Die Polizei in Lünen hat nach intensiven Ermittlungen einen mutmaßlichen Drogendealer vor den Richter gebracht. Der Einsatz war das Ergebnis einer gezielten Observation eines Wohnhauses, in dem die Beamten den Handel mit illegalen Substanzen vermuteten.
Cannabisblüten in einem Kunststoffbehälter als beschlagnahmtes Beweismittel.
Ermittlungen führten zum Prozess
Lange Zeit hatten Fahnder das Anwesen in Lünen im Blick. Die polizeilichen Beobachtungen erhärteten den Verdacht, dass dort regelmäßig Cannabis an Kunden verkauft wurde. Nach dem Zugriff durch die Einsatzkräfte wurden Beweise gesichert, die nun den Kern der Anklage bilden.
Angeklagter bestreitet Vorwürfe
Vor Gericht nimmt der Beschuldigte nun Stellung zu den Anschuldigungen. Entgegen der polizeilichen Erkenntnisse bestreitet der Mann konsequent, jemals mit Drogen gehandelt zu haben. Trotz der vorgelegten Beweise bleibt der Angeklagte bei seiner Version der Ereignisse.
Symbolbild für die Berichterstattung aus dem Raum Lünen.

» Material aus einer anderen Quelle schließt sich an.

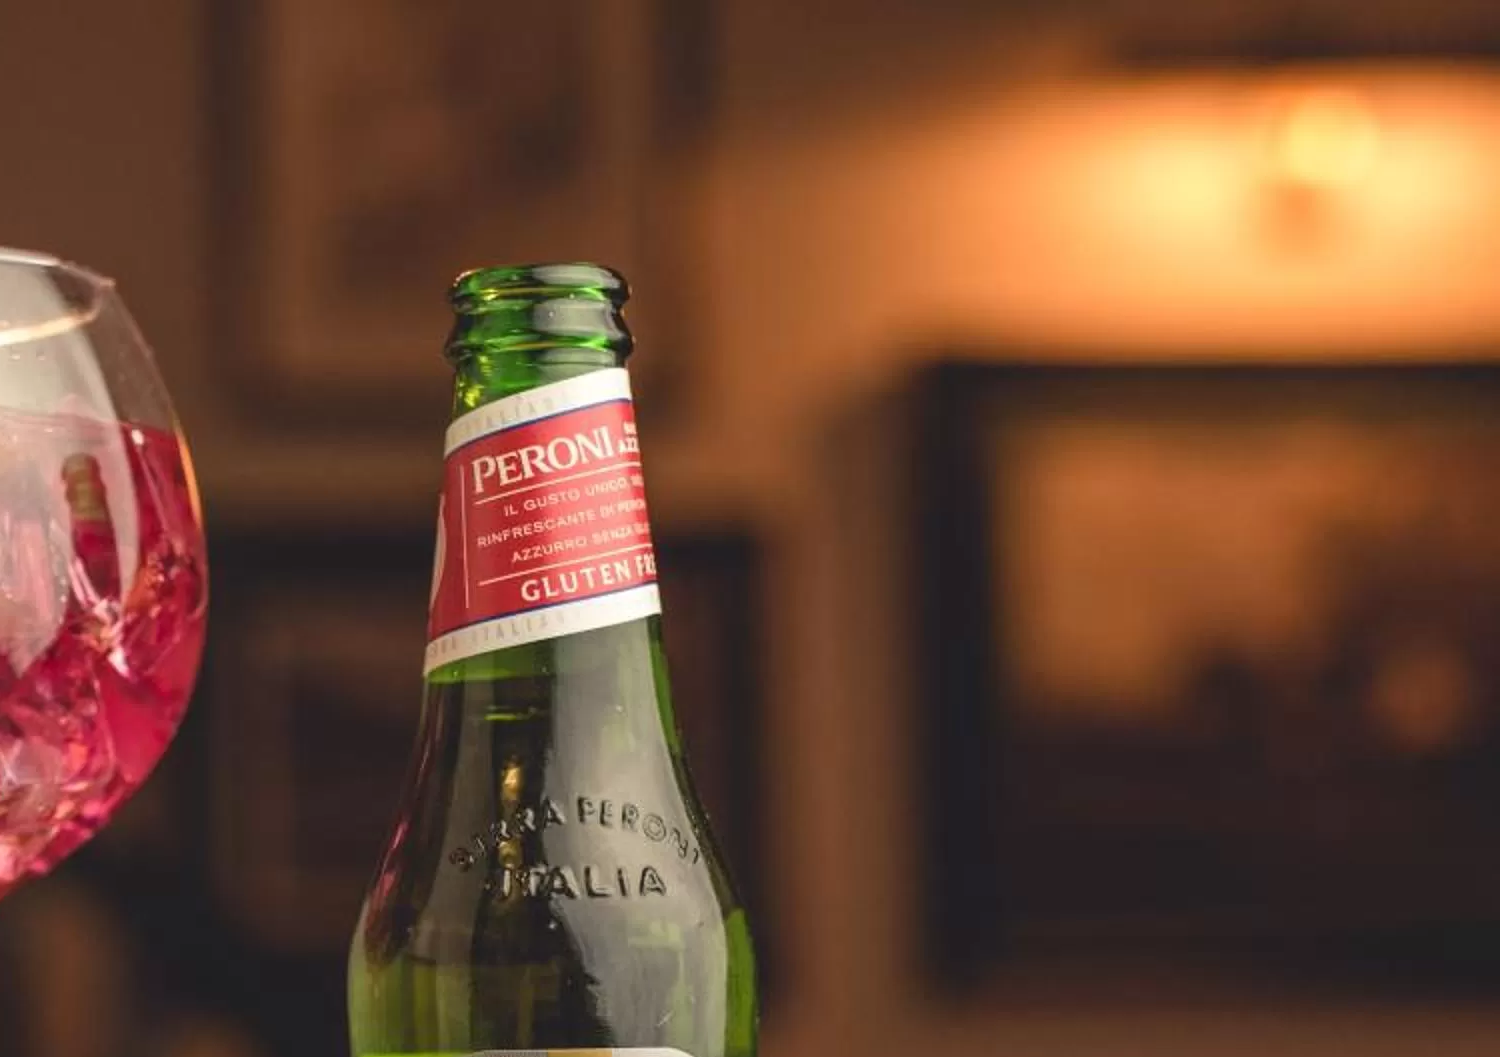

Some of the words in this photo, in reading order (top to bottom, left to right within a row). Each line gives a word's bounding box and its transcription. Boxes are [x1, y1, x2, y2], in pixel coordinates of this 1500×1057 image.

Wie das Gericht die Beweislage im Vergleich zur Einlassung des Beschuldigten bewertet, wird der weitere Verlauf des Prozesses zeigen. Die Beweisaufnahme soll klären, ob die Observationen ausreichen, um eine Verurteilung wegen illegalen Handels mit Betäubungsmitteln zu stützen.